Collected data

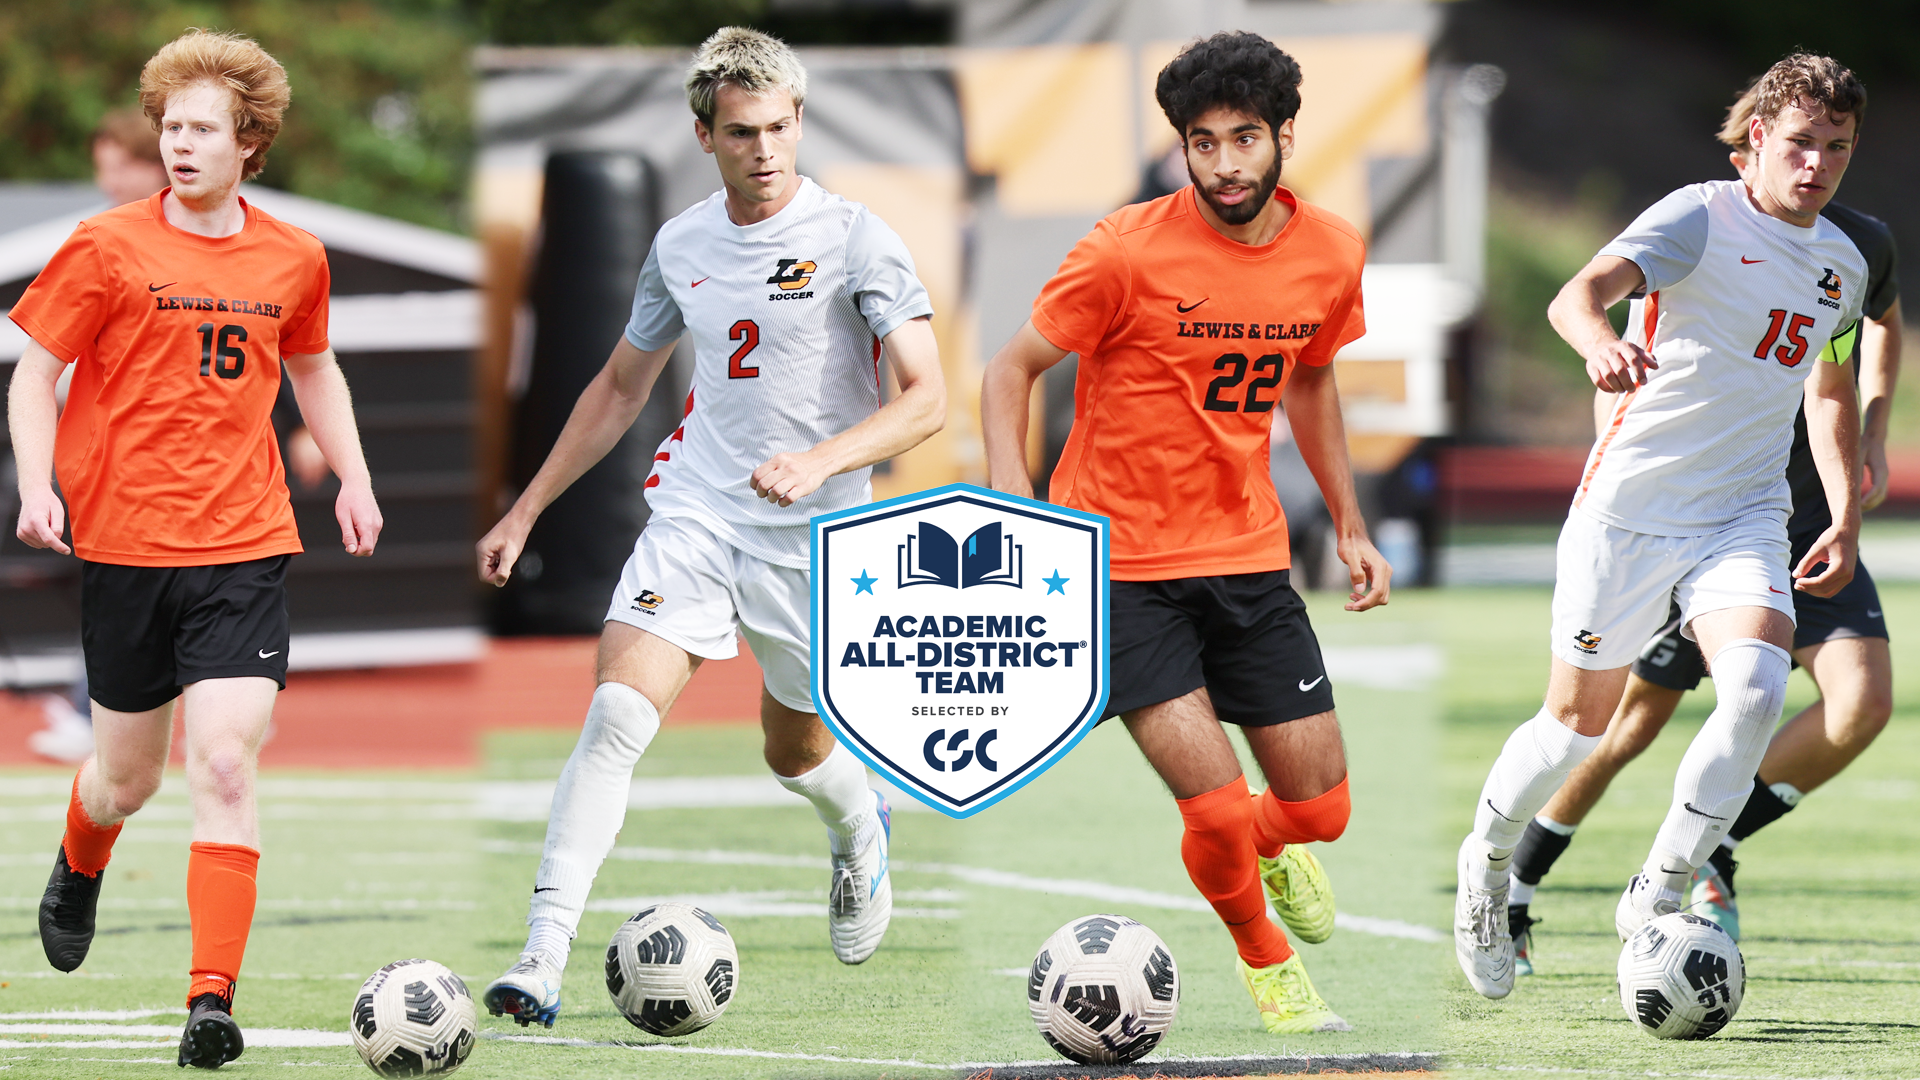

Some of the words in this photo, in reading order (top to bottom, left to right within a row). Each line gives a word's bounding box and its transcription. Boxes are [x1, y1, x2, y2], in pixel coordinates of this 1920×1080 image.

[156, 296, 213, 311] LEWIS
[216, 299, 229, 312] &
[232, 300, 283, 319] CLARK
[769, 291, 814, 301] SOCCER
[728, 319, 760, 379] 2
[1177, 321, 1245, 339] LEWIS
[1248, 323, 1261, 339] &
[1753, 309, 1815, 368] 15
[197, 323, 248, 379] 16
[1203, 353, 1285, 413] 22
[630, 605, 656, 616] SOCCER
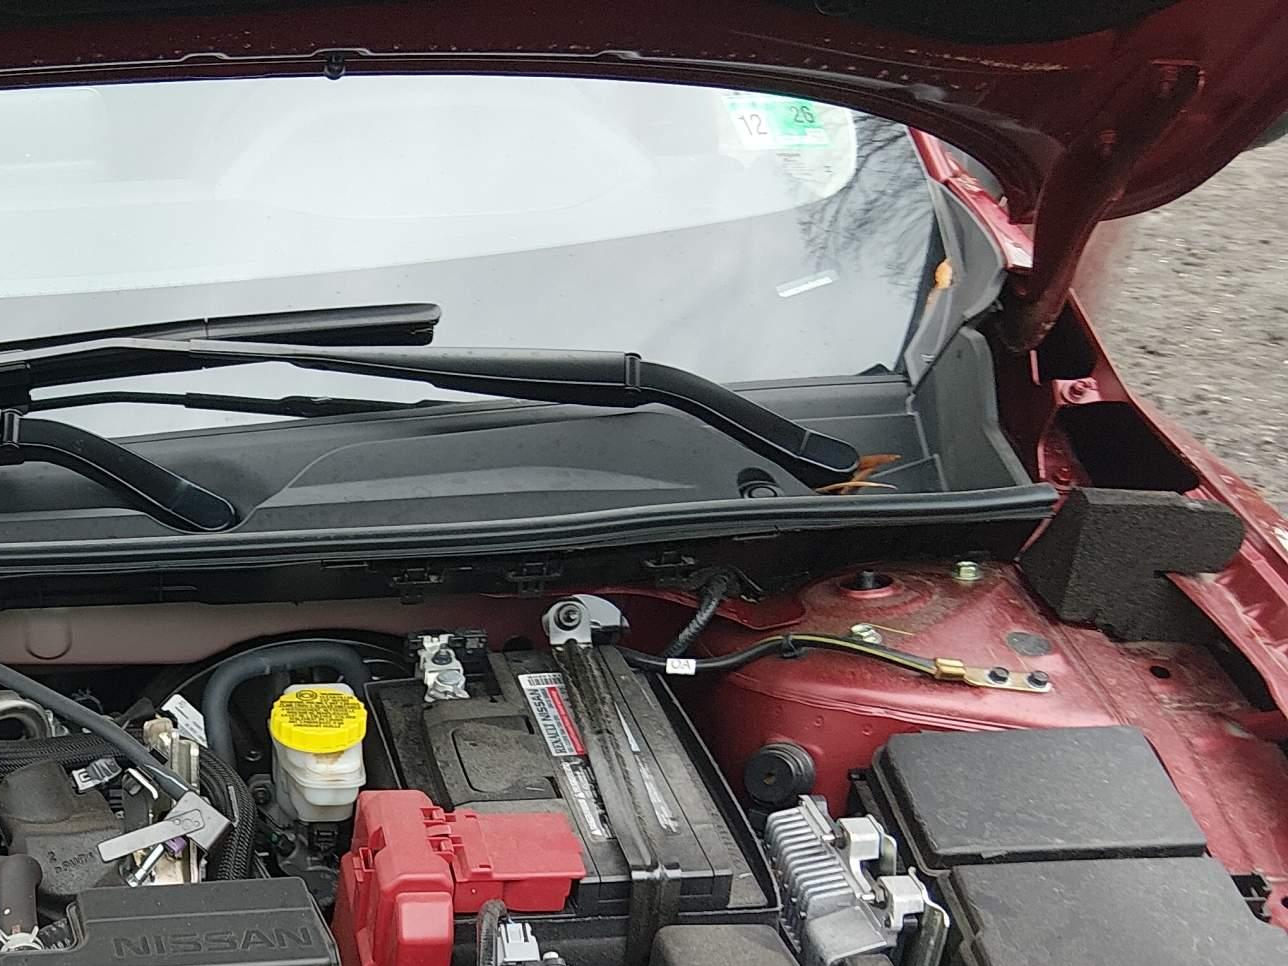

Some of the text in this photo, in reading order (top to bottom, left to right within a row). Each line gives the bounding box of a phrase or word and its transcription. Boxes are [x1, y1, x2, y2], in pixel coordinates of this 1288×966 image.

[737, 113, 768, 136] 12
[790, 105, 816, 123] 26
[528, 687, 552, 722] NISSAN
[112, 927, 312, 958] NISSAN
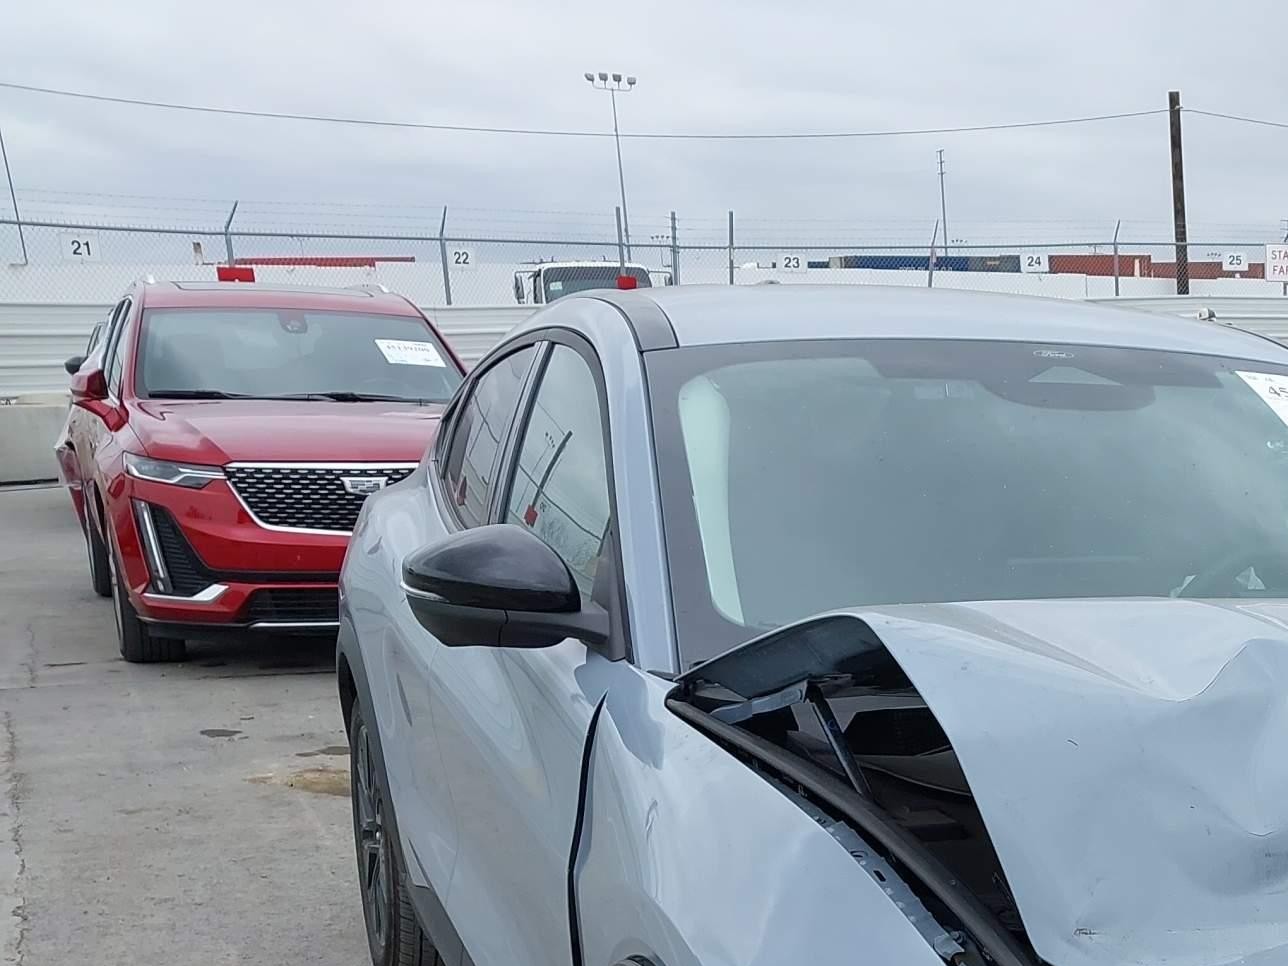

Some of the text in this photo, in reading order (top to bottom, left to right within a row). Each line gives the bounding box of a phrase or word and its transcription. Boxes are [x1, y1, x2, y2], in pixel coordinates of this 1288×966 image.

[71, 239, 91, 256] 21
[453, 251, 470, 265] 22
[783, 256, 800, 269] 23
[1027, 255, 1042, 267] 24
[1228, 255, 1242, 266] 25
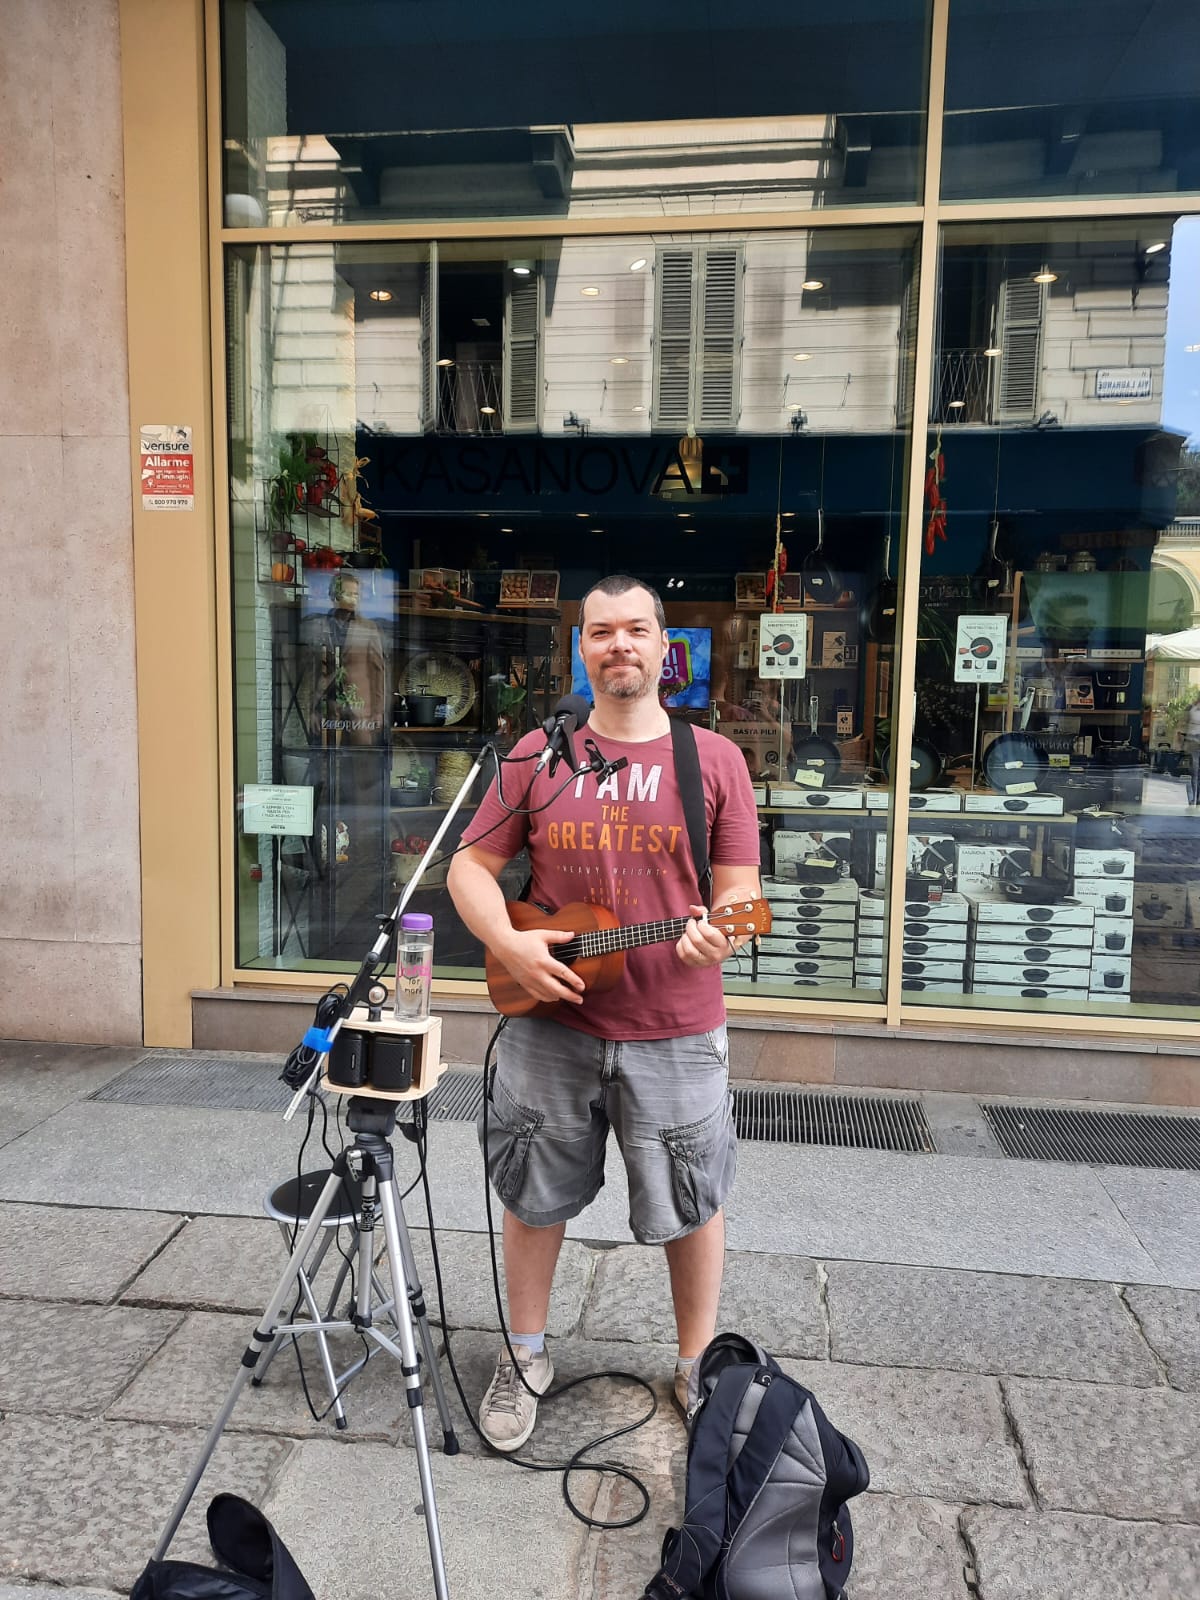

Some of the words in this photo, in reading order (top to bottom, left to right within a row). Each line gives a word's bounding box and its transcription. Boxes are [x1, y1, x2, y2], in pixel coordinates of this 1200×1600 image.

[143, 442, 190, 451] verisure
[145, 456, 190, 467] Allarme
[377, 447, 694, 495] KASANOVA
[574, 761, 587, 798] I
[596, 762, 663, 802] AM
[601, 805, 630, 822] THE
[548, 821, 682, 853] GREATEST
[562, 865, 600, 875] HEAVY
[612, 867, 661, 876] WEIGHT
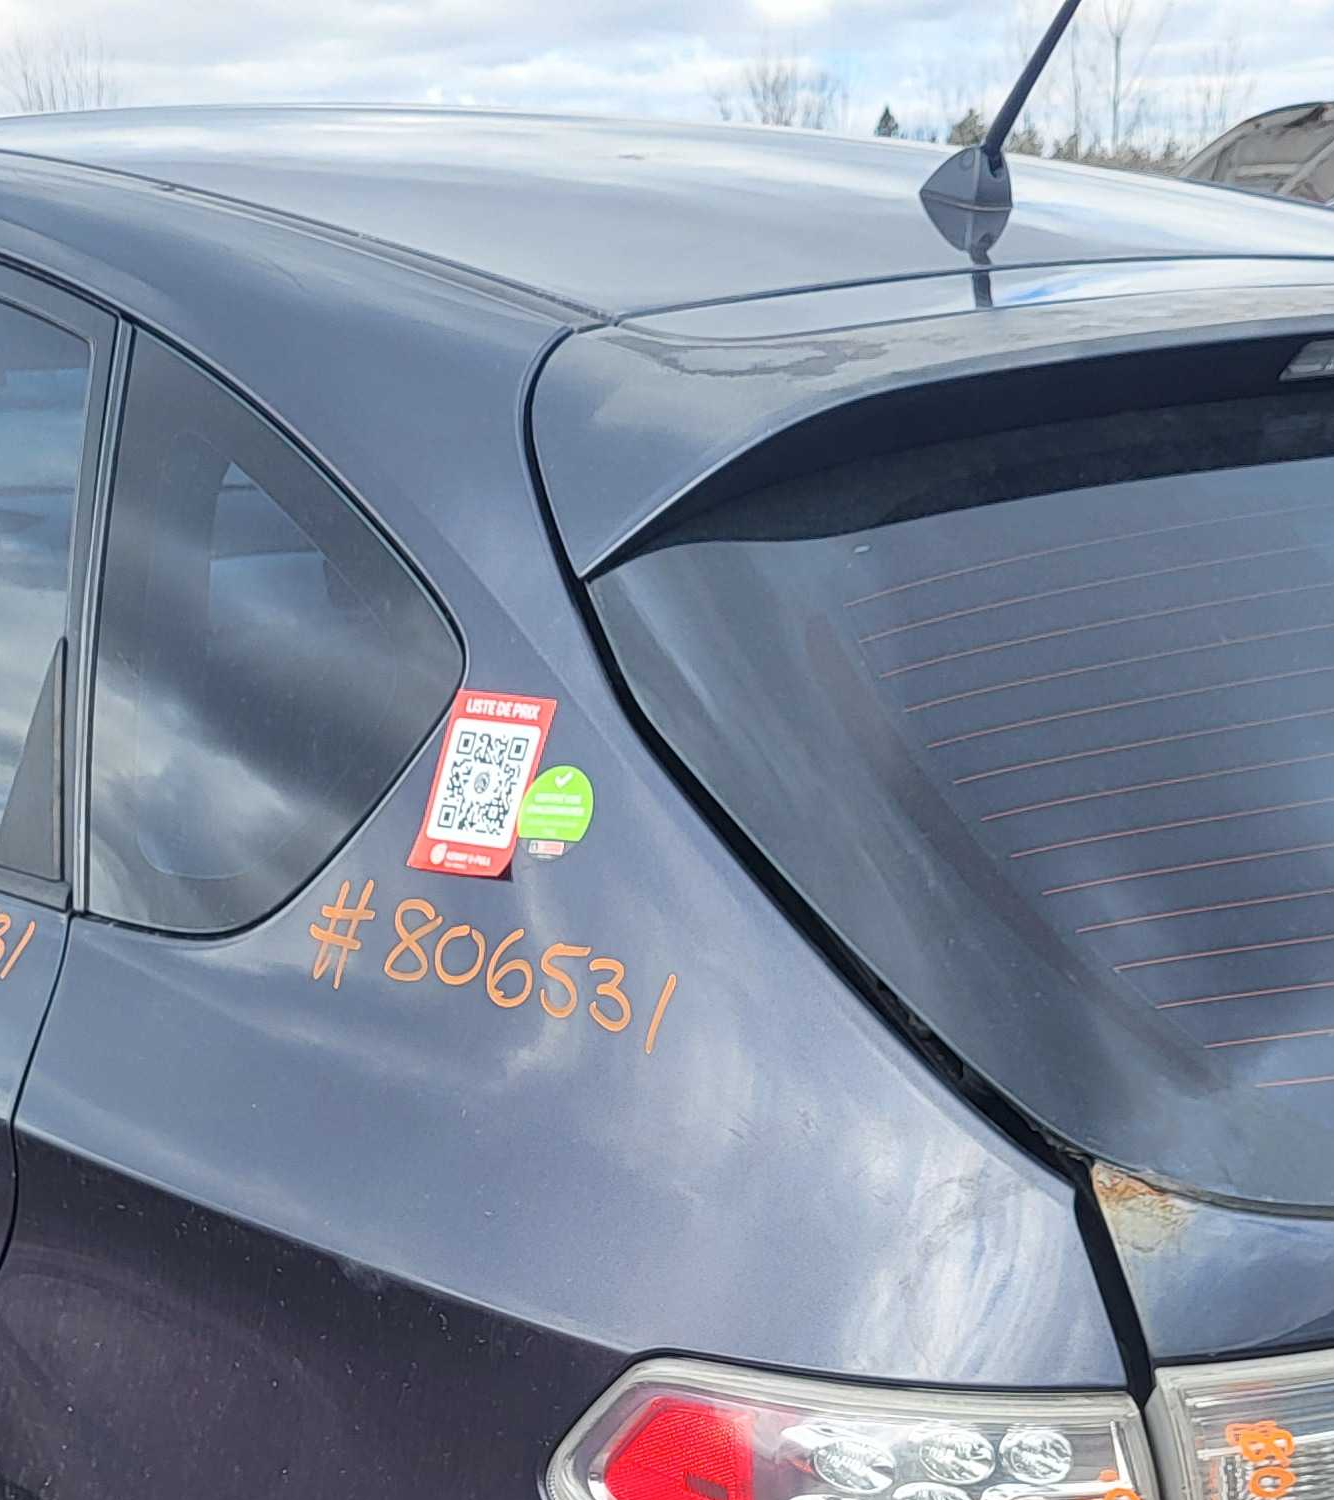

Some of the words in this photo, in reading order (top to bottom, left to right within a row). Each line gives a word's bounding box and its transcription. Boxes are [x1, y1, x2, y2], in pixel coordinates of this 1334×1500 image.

[465, 697, 496, 717] LISTE
[496, 701, 513, 718] DE
[512, 702, 541, 720] PRIX

About this task: Excluding the pictures, restate word for word the lines from the one that holds "this 1200×1600 image." through the last line of the entries, both ends included.

Response to this task:
Some of the words in this photo, in reading order (top to bottom, left to right within a row). Each line gives a word's bounding box and its transcription. Boxes are [x1, y1, x2, y2], in pixel coordinates of this 1200×1600 image.

[143, 442, 190, 451] verisure
[145, 456, 190, 467] Allarme
[377, 447, 694, 495] KASANOVA
[574, 761, 587, 798] I
[596, 762, 663, 802] AM
[601, 805, 630, 822] THE
[548, 821, 682, 853] GREATEST
[562, 865, 600, 875] HEAVY
[612, 867, 661, 876] WEIGHT

Some of the words in this photo, in reading order (top to bottom, left to right within a row). Each line gives a word's bounding box and its transcription. Boxes are [x1, y1, x2, y2], in pixel coordinates of this 1334×1500 image.

[465, 697, 496, 717] LISTE
[496, 701, 513, 718] DE
[512, 702, 541, 720] PRIX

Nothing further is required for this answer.